• WORK REQUIRED
An exact transcription of the lines from the one holding "Some of the text" to the end of the entries below, and nothing more, is the required answer. Please omit the pictures.

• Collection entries
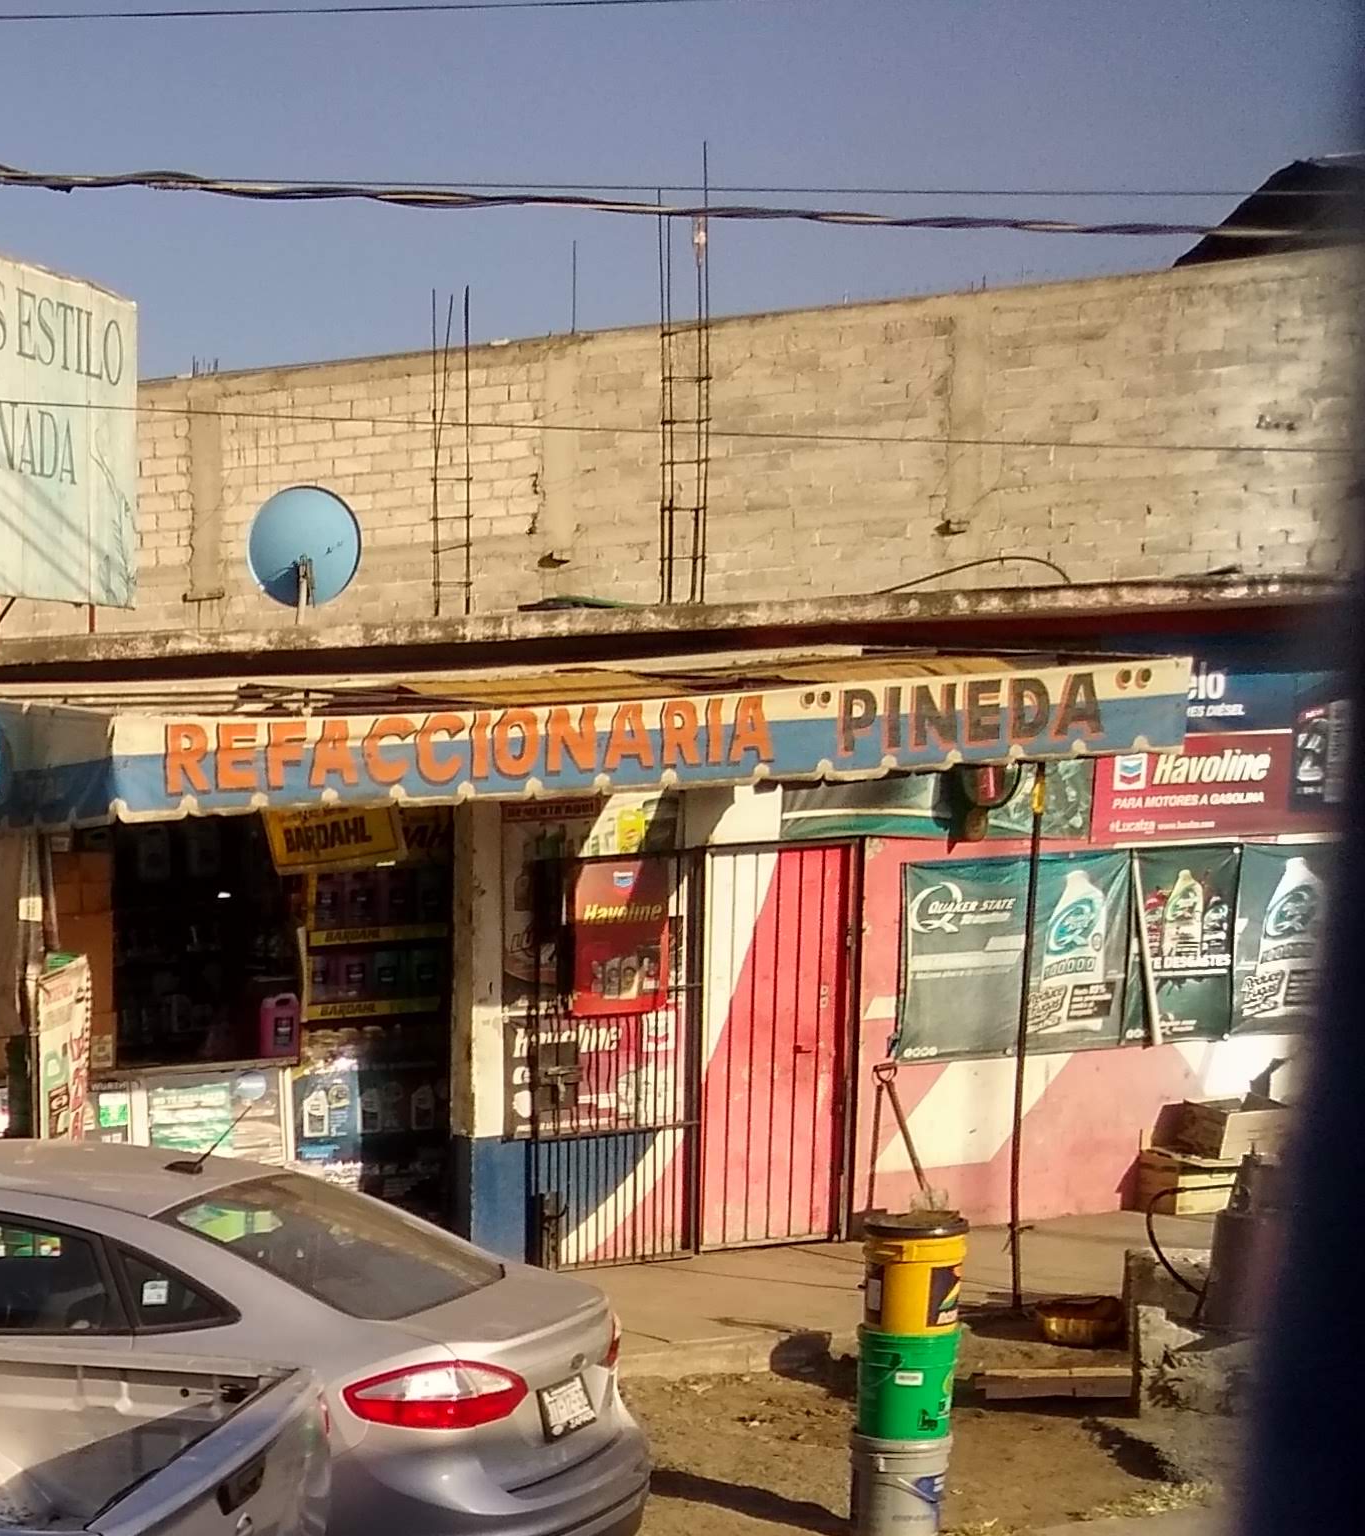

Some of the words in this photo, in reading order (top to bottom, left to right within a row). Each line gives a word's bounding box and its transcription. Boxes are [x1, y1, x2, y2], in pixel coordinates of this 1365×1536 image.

[16, 284, 124, 386] ESTILO
[164, 694, 774, 797] REFACCIONARIA
[1151, 748, 1272, 785] Havoline
[1112, 796, 1144, 810] PARA
[282, 815, 373, 853] BARDAHL
[583, 902, 663, 922] Havoline
[928, 900, 978, 915] QUAKER
[980, 897, 1016, 911] STATE
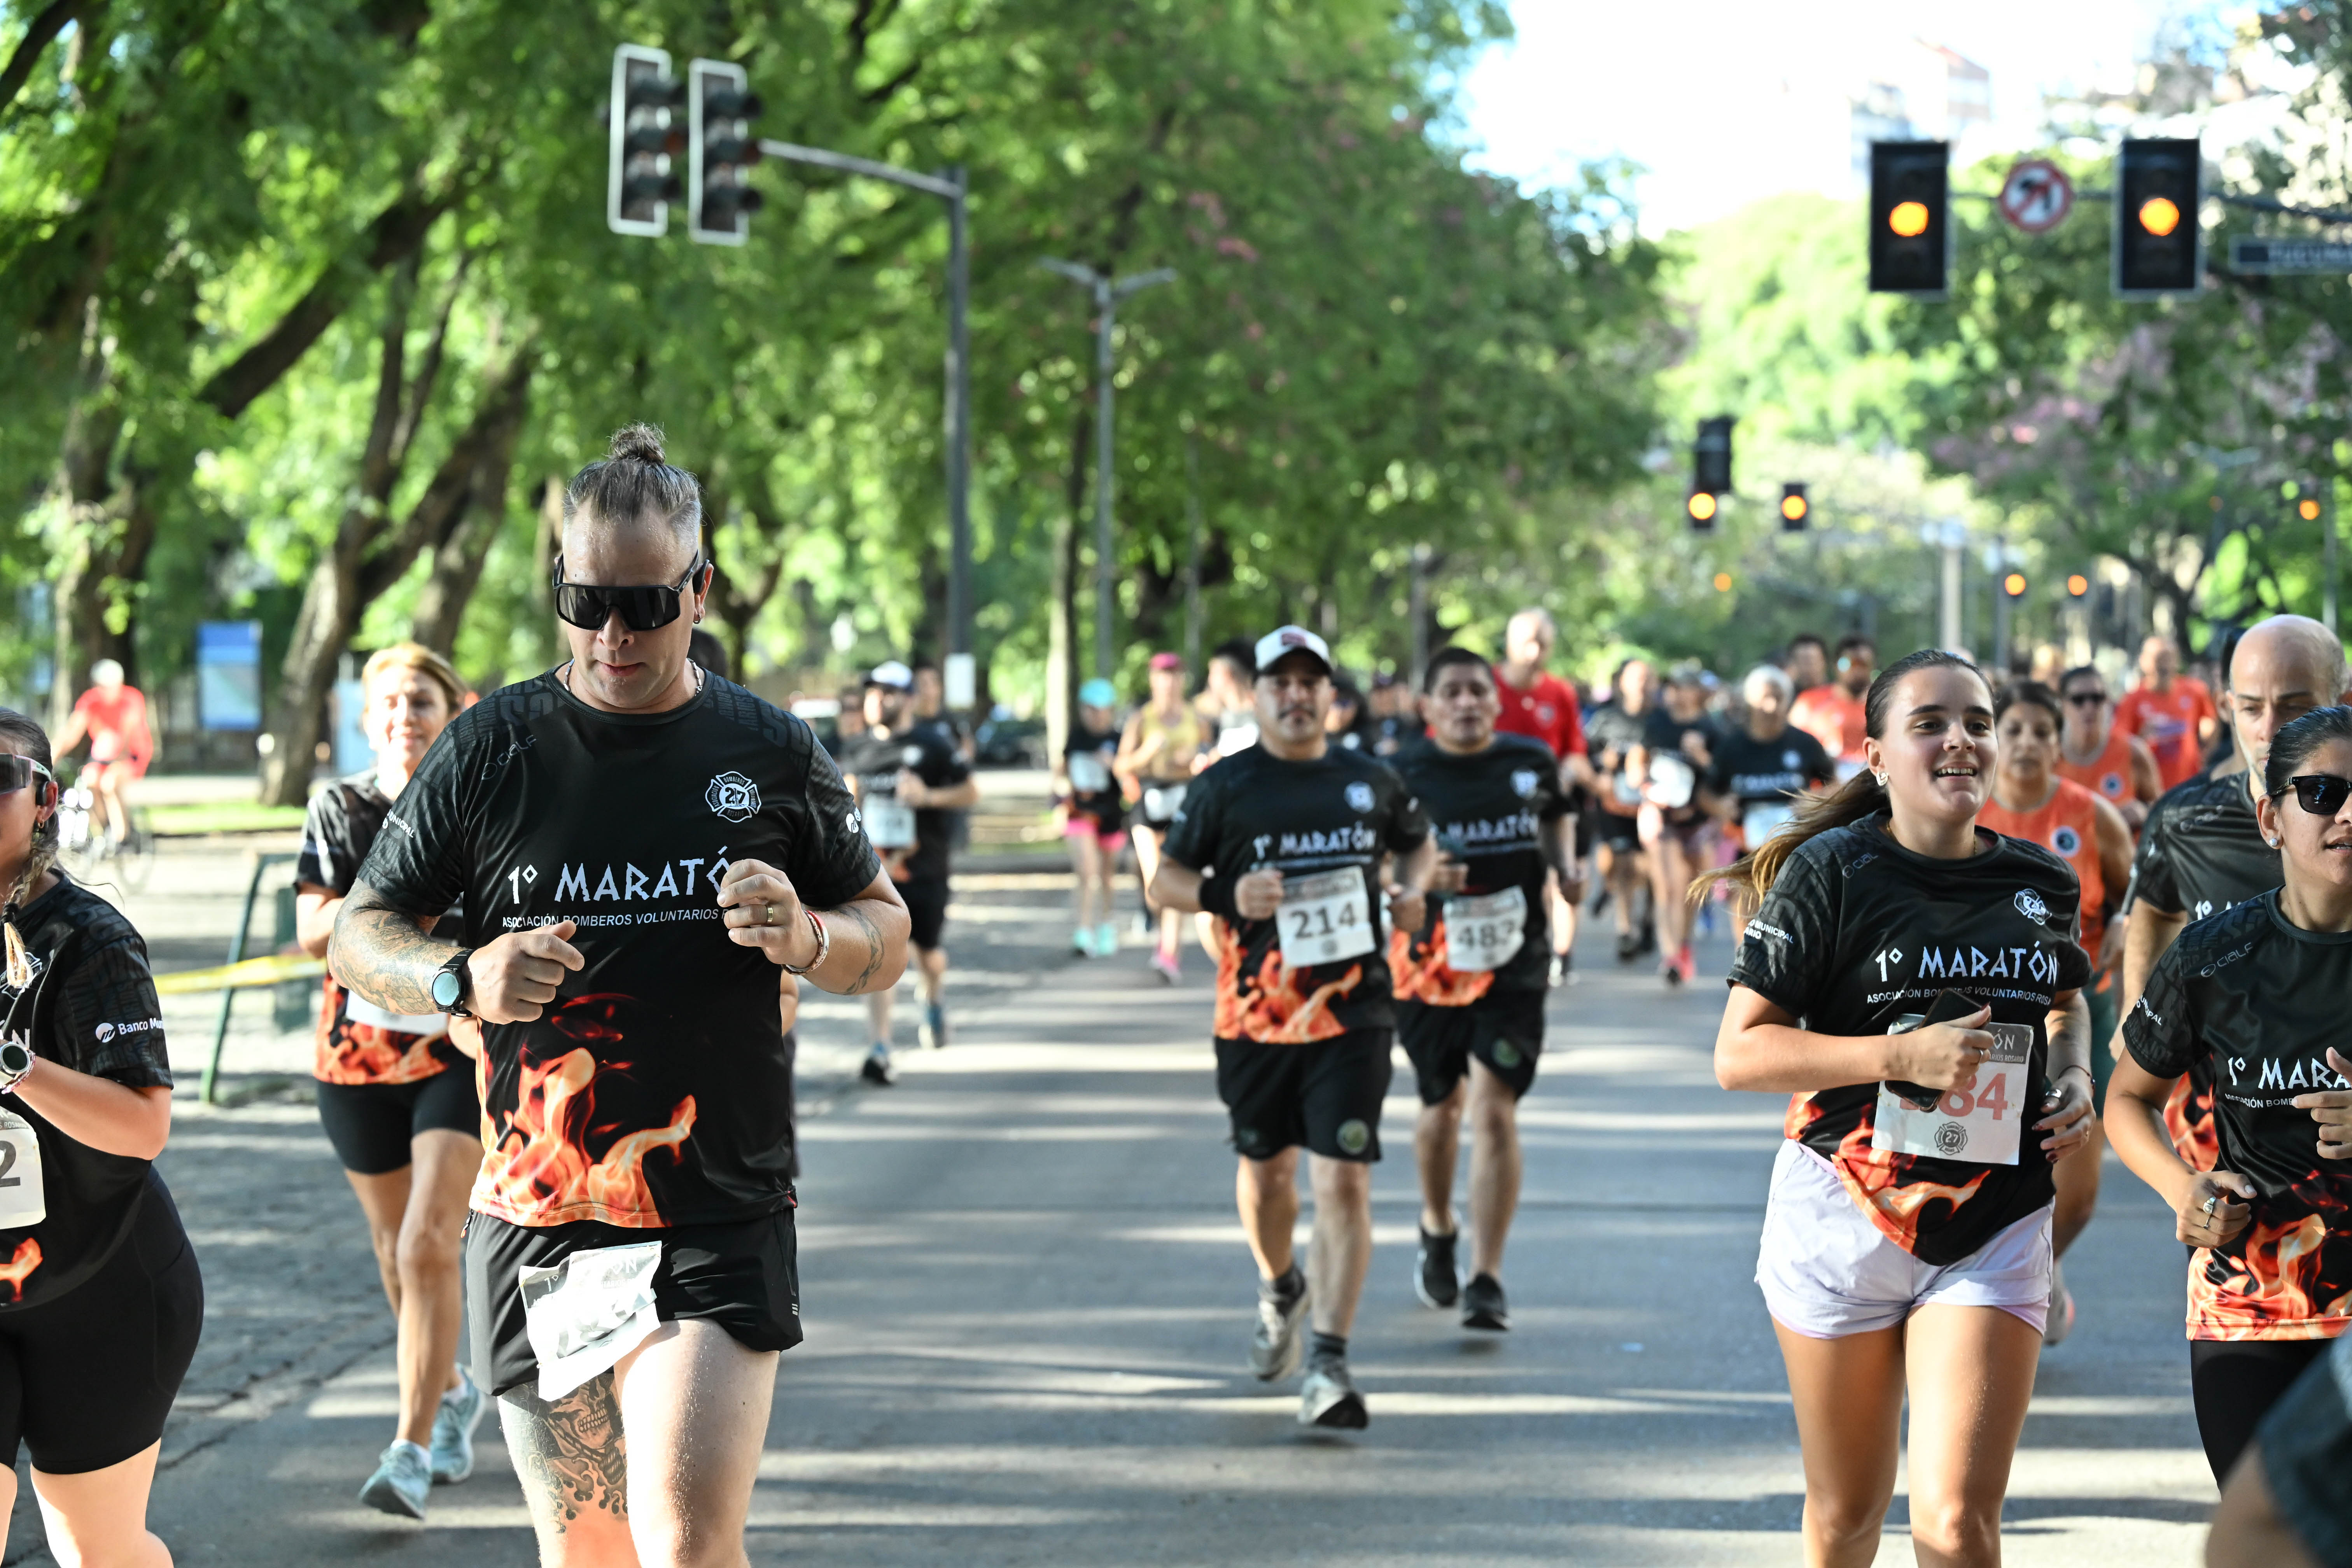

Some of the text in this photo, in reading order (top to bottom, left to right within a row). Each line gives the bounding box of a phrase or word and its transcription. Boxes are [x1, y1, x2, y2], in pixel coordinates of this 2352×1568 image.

[723, 776, 745, 785] BOMBEROS
[554, 845, 730, 902] MARATÓ
[503, 914, 559, 928] ASOCIACIÓN
[637, 909, 718, 924] VOLUNTARIOS
[1289, 901, 1356, 940] 214
[1755, 920, 1794, 944] MUNICIPAL
[1918, 940, 2058, 985] MARATÓN
[1867, 987, 1921, 1004] ASOCIACIÓN
[1975, 987, 2036, 1001] VOLUNTARIOS
[118, 1021, 148, 1035] Banco
[2258, 1057, 2352, 1090] MARA
[1899, 1073, 2008, 1120] 84
[1945, 1131, 1958, 1143] 27
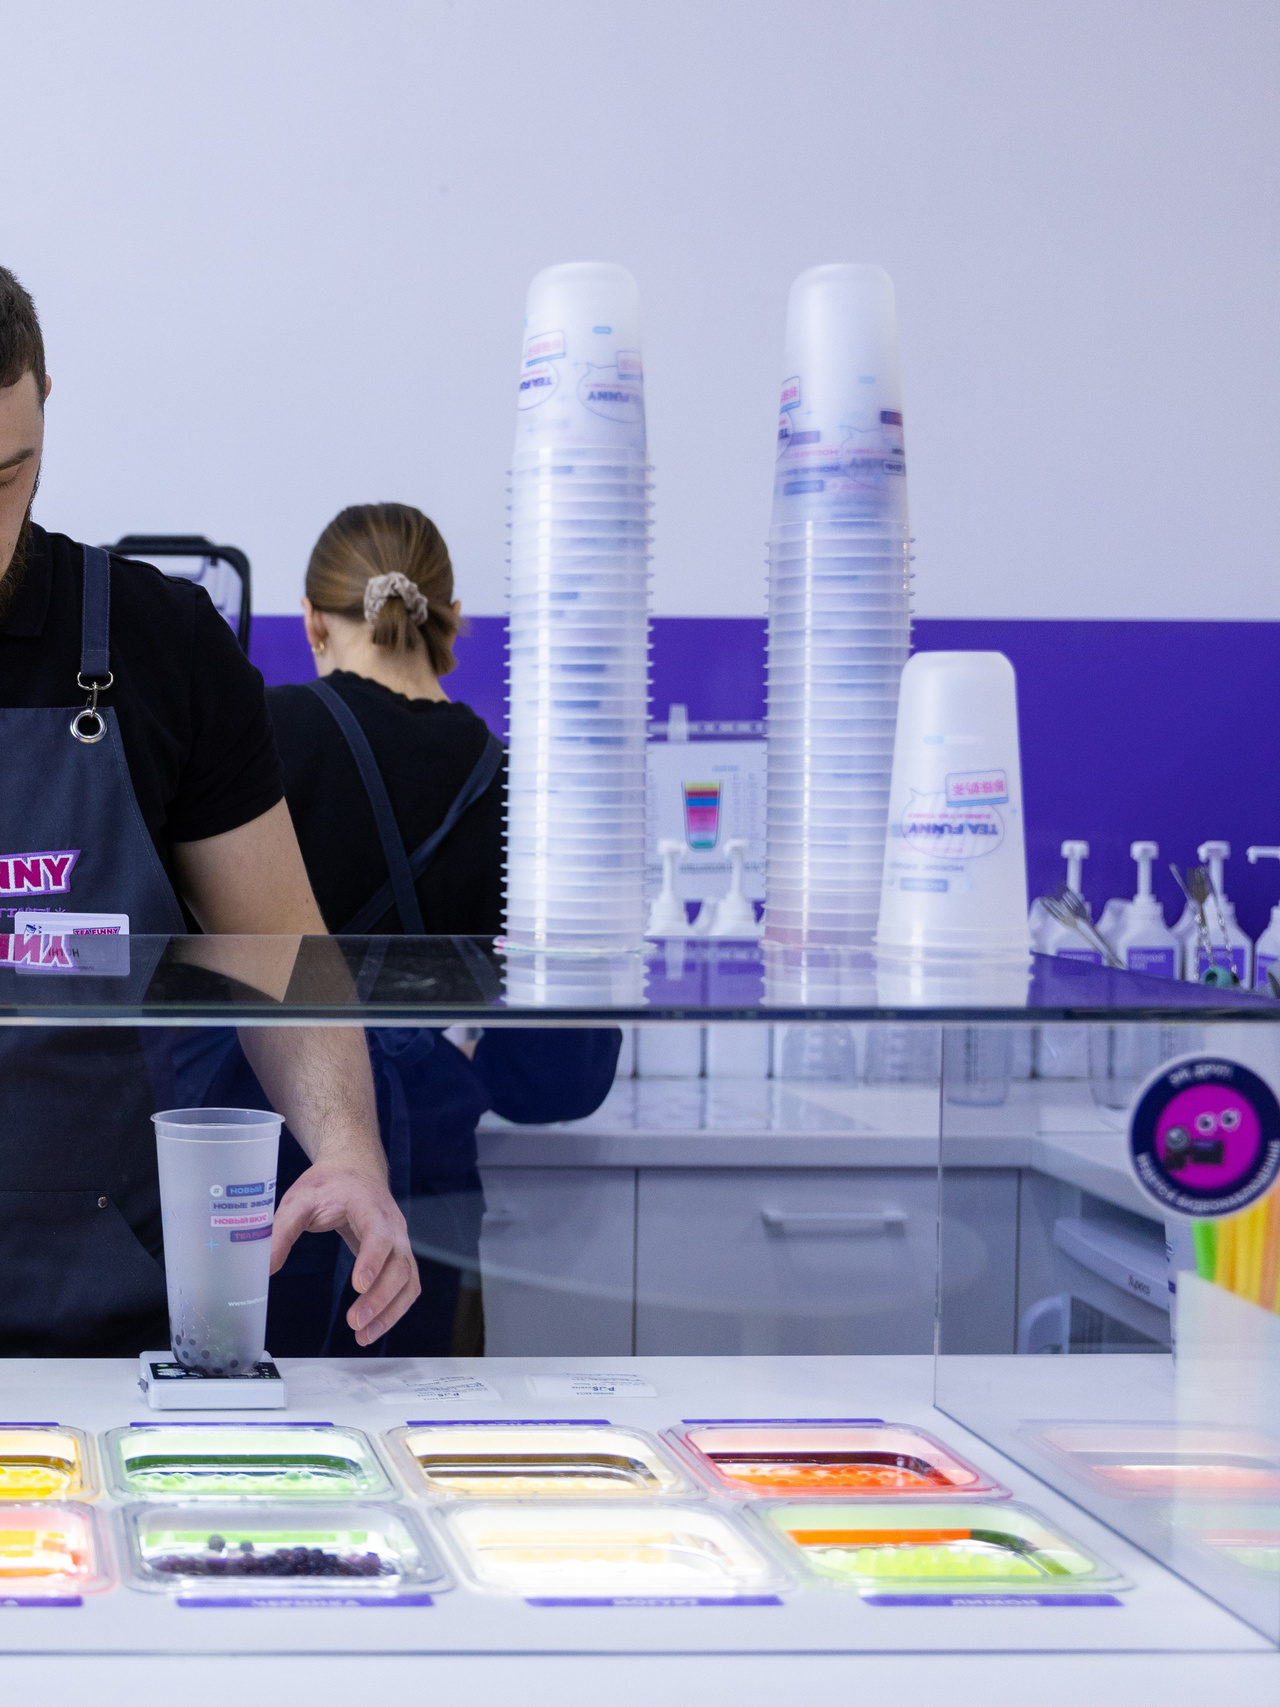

• EXERCISE OUTPUT
Some of the text in this photo, in reading order (top to bottom, left to right within a row). Each line gives the bounding box of a phrase or word and its transcription. Boxes are [x1, y1, x2, y2], in pixel coordinates of this 2352×1568 image.

[723, 776, 745, 785] BOMBEROS
[554, 845, 730, 902] MARATÓ
[503, 914, 559, 928] ASOCIACIÓN
[637, 909, 718, 924] VOLUNTARIOS
[1289, 901, 1356, 940] 214
[1755, 920, 1794, 944] MUNICIPAL
[1918, 940, 2058, 985] MARATÓN
[1867, 987, 1921, 1004] ASOCIACIÓN
[1975, 987, 2036, 1001] VOLUNTARIOS
[118, 1021, 148, 1035] Banco
[2258, 1057, 2352, 1090] MARA
[1899, 1073, 2008, 1120] 84
[1945, 1131, 1958, 1143] 27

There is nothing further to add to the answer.